Quolls are currently endangered because of habitat fragmentation (which includes its den sites), competition from feral mammals and its unfortunate habit of eating cane toads, a giant introduced species that is poisonous. Conservationists are trying to condition the quolls not to eat cane toads.

Quolls prey on birds as well as toads, and will fight with the extremely scary Tasmanian Devil over food. They are nocturnal (hence the spots, I would guess) and will utter a very scary piercing scream if disturbed. (Photos from ARKive):

photo

They have two colour phases – ginger/brown (above) and black:

photo-1

Here’s a video of someone bottle feeding a baby spotted tail quoll:

There is another quoll, the Eastern Quoll (Dasyurus viverrinus), which now appears to be limited to Tasmania. You can find more about the last mainland Australian sightings of the Eastern Quoll here. Here’s a video of an Eastern Quoll, complete with inappropriate music:

There is also a Northern Quoll, Dasyurus hallucatus. And the compass being what it is, there is also a Western Quoll called a Chudditch. Here’s a baby Chudditch:

There are also two species of quoll found in New Guinea – the New Guinea Quoll and the Bronze Quoll.

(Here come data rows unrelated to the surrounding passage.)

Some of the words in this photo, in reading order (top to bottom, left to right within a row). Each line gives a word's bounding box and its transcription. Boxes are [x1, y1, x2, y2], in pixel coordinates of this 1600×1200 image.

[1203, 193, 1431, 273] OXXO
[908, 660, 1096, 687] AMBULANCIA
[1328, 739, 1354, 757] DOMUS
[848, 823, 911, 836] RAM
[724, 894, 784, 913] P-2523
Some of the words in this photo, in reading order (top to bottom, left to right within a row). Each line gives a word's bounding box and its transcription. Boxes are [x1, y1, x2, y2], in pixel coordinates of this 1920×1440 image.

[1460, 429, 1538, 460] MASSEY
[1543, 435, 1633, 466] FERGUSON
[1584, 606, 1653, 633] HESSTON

Quolls do not have pouches like a kangaroo, but an area of skin around the teats grows to create a flap of skin that contains the young. To tell the reproductive status of a female quoll, you  look into the ”pouch”. In the follicular phase, the area turns red, while post-ovulation it becomes wet and deep. This is also true of the Tasmanian Devil, though probably a bad idea, as the Devil has Very Big Teeth. This abstract describes the procedure in more detail… I wouldn’t try it at home, though.

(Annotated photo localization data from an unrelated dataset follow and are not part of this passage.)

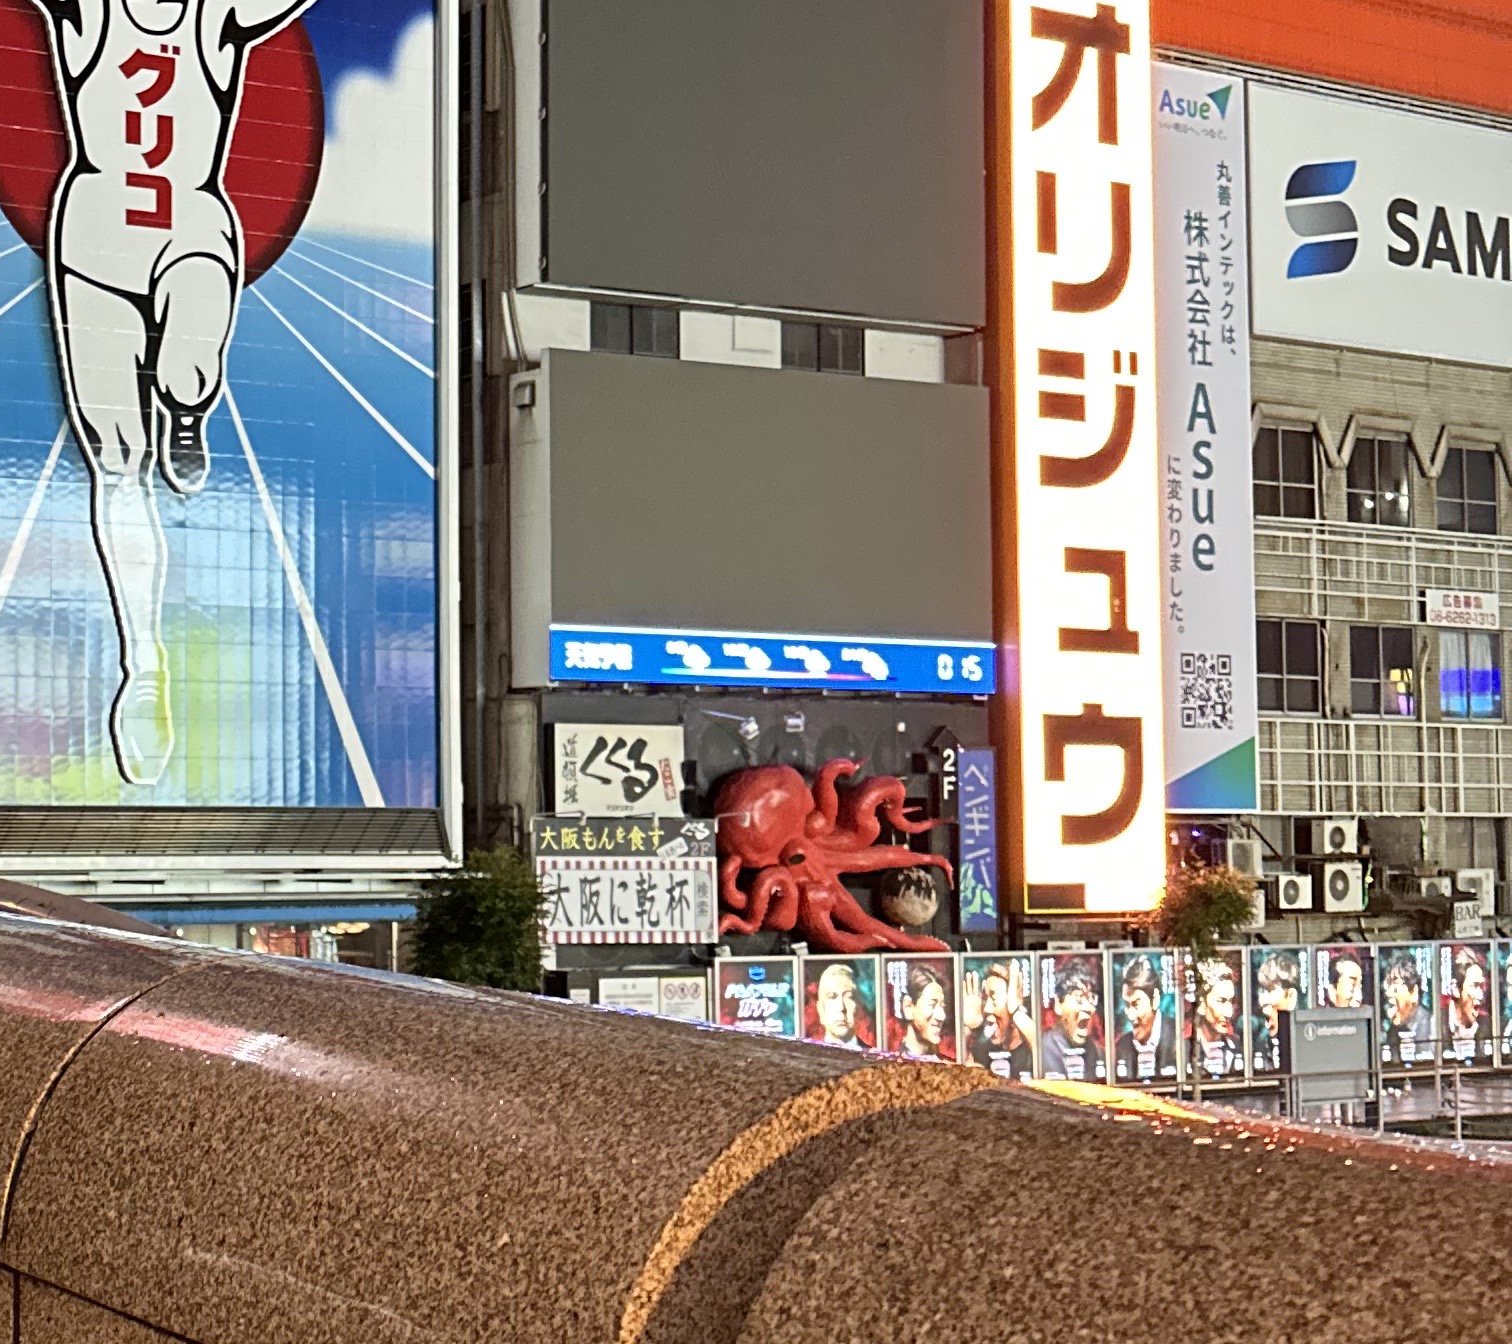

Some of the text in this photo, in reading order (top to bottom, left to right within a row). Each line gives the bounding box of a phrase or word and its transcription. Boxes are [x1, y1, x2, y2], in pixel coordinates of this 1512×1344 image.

[118, 43, 181, 231] グリコ
[1159, 88, 1211, 120] Asue
[1215, 160, 1237, 356] 丸善インテックは、
[1386, 197, 1511, 282] SAM
[1029, 1, 1144, 846] オリジュウ
[1166, 453, 1186, 635] に変わりました。
[578, 735, 659, 804] くくる
[539, 824, 665, 851] 大阪もんを食す
[690, 841, 713, 857] 2F
[546, 872, 691, 930] 大阪に乾杯
[1456, 903, 1482, 922] BAR

If you’re in Australia and spot a quoll (or want to!), go here.

[Based on a post at Z-letter.com from 2009]

17 thoughts on “Quolls!

      1. I don’t know all that many blue headed people so the question never came up. I have known a few Blueys though. And a really tall guy will often be known as “Shorty”. Australians like irony.

  1. I am not sure I had ever heard of quolls before. I learned something new today. Thank you. And thank you for mentioning Macdonald’s Encyclopedia of Mammals in a previous post. Bought myself a copy the other day and it is truly great. I’ll be spending some time reading about marsupials later tonight.

    Australia does have some of the most wonderful fauna (and flora) on this planet. One reason it’s right up there at the top of my “places to absolutely visit” list, together with Madagascar and New Zealand.

  2. Some years ago, my local youth soccer league was running out of names for teams, and requested suggestions for names. Names were supposed to be related, so that it would be easy to associate teams in a particular age division. I suggested marsupiont mammals: Possums, Opossums, Koalas, Devils, Wallabies, Wallaroos, Kangaroos, Dibblers, Gliders, Thylacines, Wombats, Bandicoots, Platypuses, Echidnas, Yapoks, Duckbills, and, of course, the Quolls.

    1. Yes indeed (Spotted-tailed). Other continents have their lions and tigers and bears (Oh my!) but Australia is a bit depauperate in large mammalian carnivores. The dingo (early east-Asian wolf domesticate, imported about 5000 years back) is the closest we have, as a kind of stand-in for the lately departed thylacine.

      It might not be obvious from the outside (it’s charitable to pretend…), but marsupial brains are significantly smaller than those of analogous placental mammals; this leaves space for a greater quantity of jaw adductor muscles, and they have the strongest bites for mammals of their size. I was bitten by a phascogale once – much smaller relative of the quolls – and it cracked a thumbnail. Much more powerful than any bite from a d-g or cat in my experience. If I ever trap a quoll, even the small northern species (which is expected as part of my current job) I’ll be very careful near those jaws.